Today I hosted four hours of interactive learning on S+S testing with table topics such as "Testing in Production, How far can we go?" and "Release Cadence in an S+S era." Every time I get together with smart engineers new better ideas are generated.
One interesting example that came up in the afternoon session was the impact background or maintenance tasks can have on a data center's infrastructure. In this particular example a rather large Microsoft service was getting ready for a big launch and needed to upgrade thousands of servers in a data center to the latest version of the service. Well the deployment of this service is fully automated (I'll write a post ranting about the importance of deployment in the near future) and so with the push of a single button the deployment was off. The "bug" if you will occurred because all the machines became very busy pulling down bits, conducting reads and writes to disk, and actually hit a higher average CPU utilization than they would during normal production use. This massive load actually caused power failures in the data center. So where is the bug?
Should we fix this in software or rely on a new policy of never upgrade thousands of machines at the exact same time ever again? This is a very interesting edge case and I don't have the answer. I offer it up as an example of how much there is to consider and learn as we move into S+S and Web 2.0 worlds with cloud computing and multiple devices.
A few more ideas that I gathered today include measuring not just time to deploy but time to rollback in case the deployment is flawed, Should we target the 75th percentile or 95th percentile when measuring and signing off on Page Load Times (PLT), and Release Criteria need to include post RTW measurements before you really sign off. All of these are great ideas that are at least a new twist on an important topic if not completely new. The great thing is they all came up during the training session today and I was lucky enough to hear them. Though most of the content is not public I will dive deeper into some of the hot topics next week.
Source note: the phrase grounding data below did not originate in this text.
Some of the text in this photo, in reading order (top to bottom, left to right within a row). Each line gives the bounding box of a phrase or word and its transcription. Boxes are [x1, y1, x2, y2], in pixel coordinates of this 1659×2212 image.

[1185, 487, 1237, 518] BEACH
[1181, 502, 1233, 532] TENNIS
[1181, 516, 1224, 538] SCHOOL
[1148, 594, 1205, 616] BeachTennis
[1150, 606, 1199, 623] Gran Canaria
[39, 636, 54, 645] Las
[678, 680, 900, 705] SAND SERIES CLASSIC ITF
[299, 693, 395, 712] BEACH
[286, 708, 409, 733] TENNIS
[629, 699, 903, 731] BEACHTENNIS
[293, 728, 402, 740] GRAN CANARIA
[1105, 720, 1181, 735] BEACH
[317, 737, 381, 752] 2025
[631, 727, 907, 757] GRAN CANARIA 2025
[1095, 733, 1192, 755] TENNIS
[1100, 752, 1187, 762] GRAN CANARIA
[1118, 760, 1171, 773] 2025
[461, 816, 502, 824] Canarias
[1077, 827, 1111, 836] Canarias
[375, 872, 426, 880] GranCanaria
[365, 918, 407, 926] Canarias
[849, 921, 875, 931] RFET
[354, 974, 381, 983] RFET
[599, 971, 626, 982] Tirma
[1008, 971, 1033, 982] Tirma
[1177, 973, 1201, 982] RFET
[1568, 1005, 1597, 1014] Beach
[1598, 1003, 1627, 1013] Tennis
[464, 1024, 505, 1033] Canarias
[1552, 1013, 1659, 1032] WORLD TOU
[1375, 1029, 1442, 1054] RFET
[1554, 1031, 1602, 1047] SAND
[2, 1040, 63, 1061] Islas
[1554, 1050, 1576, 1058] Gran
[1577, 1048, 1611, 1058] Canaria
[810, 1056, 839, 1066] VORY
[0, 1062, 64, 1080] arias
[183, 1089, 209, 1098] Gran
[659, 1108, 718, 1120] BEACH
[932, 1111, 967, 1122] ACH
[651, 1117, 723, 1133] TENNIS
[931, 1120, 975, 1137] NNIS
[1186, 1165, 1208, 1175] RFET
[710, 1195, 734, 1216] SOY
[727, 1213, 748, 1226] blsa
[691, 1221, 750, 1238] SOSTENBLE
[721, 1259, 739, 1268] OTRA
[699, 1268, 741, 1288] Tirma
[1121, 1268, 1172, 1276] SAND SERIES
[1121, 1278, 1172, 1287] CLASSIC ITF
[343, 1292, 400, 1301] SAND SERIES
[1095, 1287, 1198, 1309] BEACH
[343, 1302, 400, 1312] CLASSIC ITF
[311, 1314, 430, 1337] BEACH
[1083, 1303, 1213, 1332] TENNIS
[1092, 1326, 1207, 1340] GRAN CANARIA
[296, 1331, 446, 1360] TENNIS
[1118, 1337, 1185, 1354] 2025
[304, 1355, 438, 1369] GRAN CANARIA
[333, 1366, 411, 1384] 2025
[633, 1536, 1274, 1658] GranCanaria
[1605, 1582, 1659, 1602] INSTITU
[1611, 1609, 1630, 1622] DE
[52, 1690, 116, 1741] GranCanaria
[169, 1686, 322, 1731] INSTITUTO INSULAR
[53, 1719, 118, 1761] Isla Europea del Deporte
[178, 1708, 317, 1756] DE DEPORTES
The other experience I had today was delivering a webinar to a SIG in Bogota over Live Meeting. This session was in support of the book I helped write with my colleagues Alan Page and B.J. Rollison titled “How We Test Software at Microsoft.” For more information on the book visit www.hwtsam.com. For this session I was to deliver some content on Chapter 14 which focuses on S+S Testing and then answered some questions.
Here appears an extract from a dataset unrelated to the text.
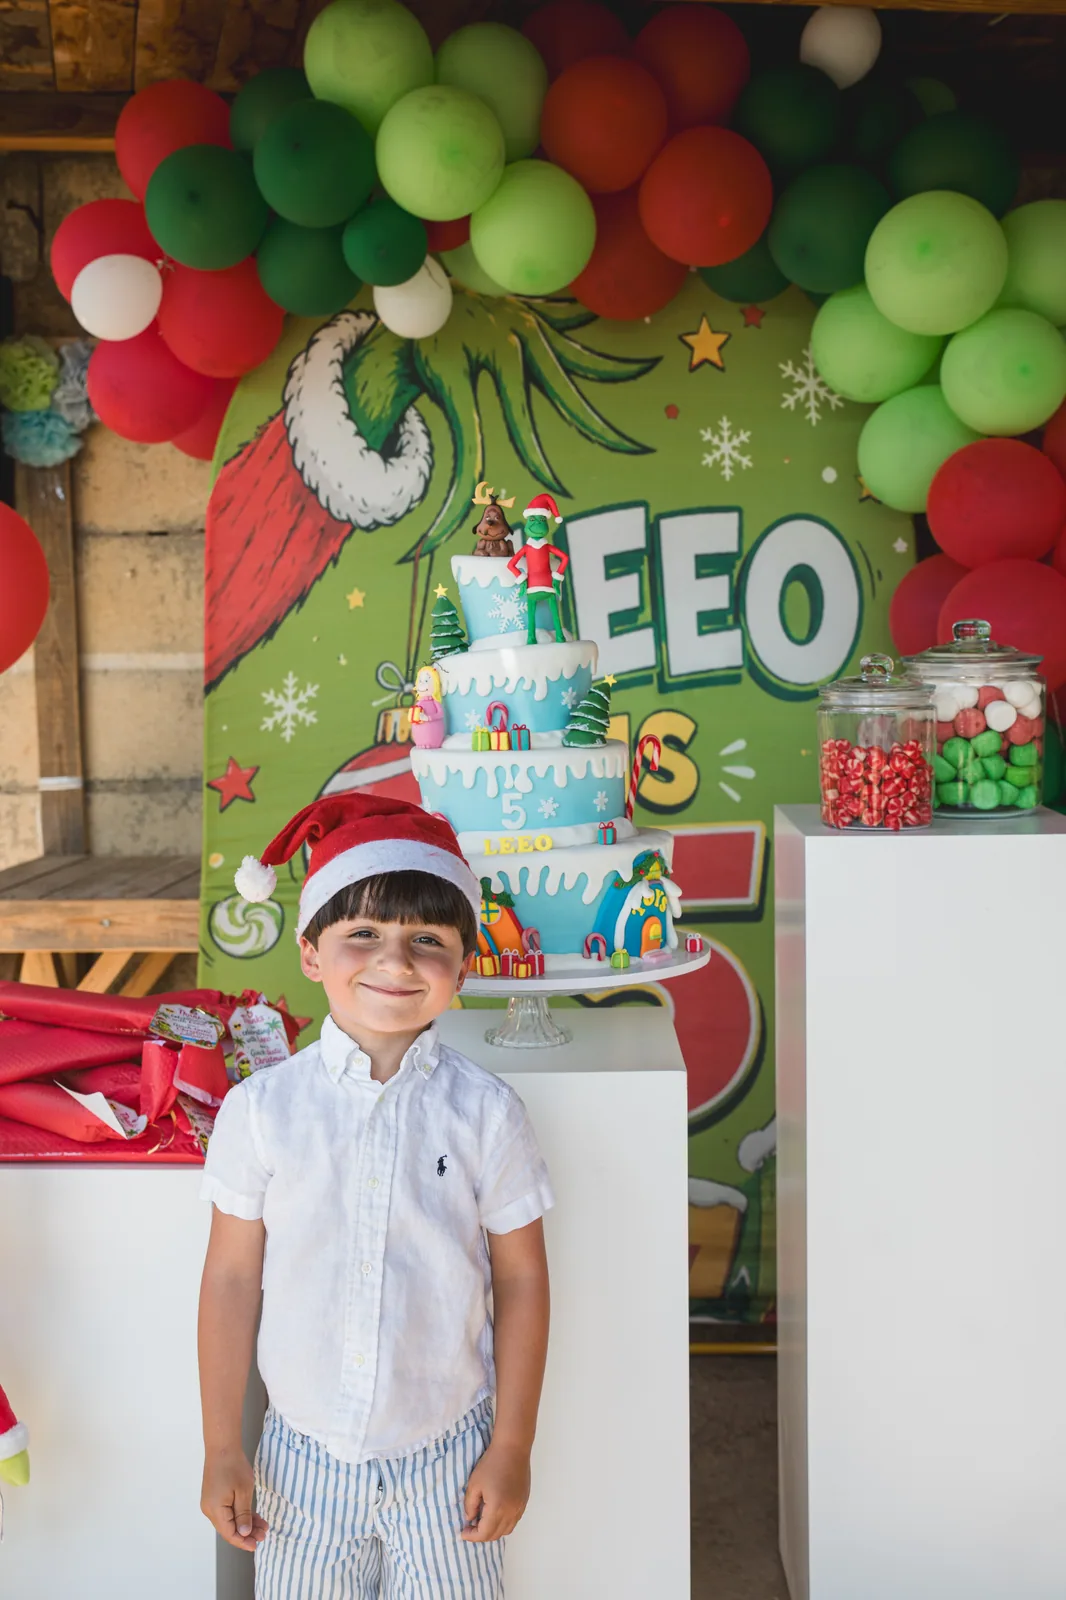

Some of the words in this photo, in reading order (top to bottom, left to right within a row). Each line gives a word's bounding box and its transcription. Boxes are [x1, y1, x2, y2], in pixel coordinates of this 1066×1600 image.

Doing a Webinar with Q&A can be challenging. Add to it the translation piece and no video of the audience to register their reaction and it becomes very challenging.
In the Webinar I introduced the topic of Testing in Production (TiP) for services. It is a growing field of thought within Microsoft and from what I can tell a process used very heavily by some of our competitors. The notion that one would ship something into production and then test it seems anathema to software testers. Needless to say this became the major topic of Q&A.
The real way to look at TiP is to ask what can safely and effectively be tested in production. The next question is to ask how to make testing in production a fast turnaround process that is cheaper than testing in a lab. When price and speed of production testing are lower than labs, and we are getting there with cloud computing, then you really should move all the testing that you can out of the lab and into production.
I have an article under way just on TiP and hope to publish it in the near future.
Thank you to the Javier Andres Caceres Alvis for the opportunity to discuss S+S and Services testing with your group.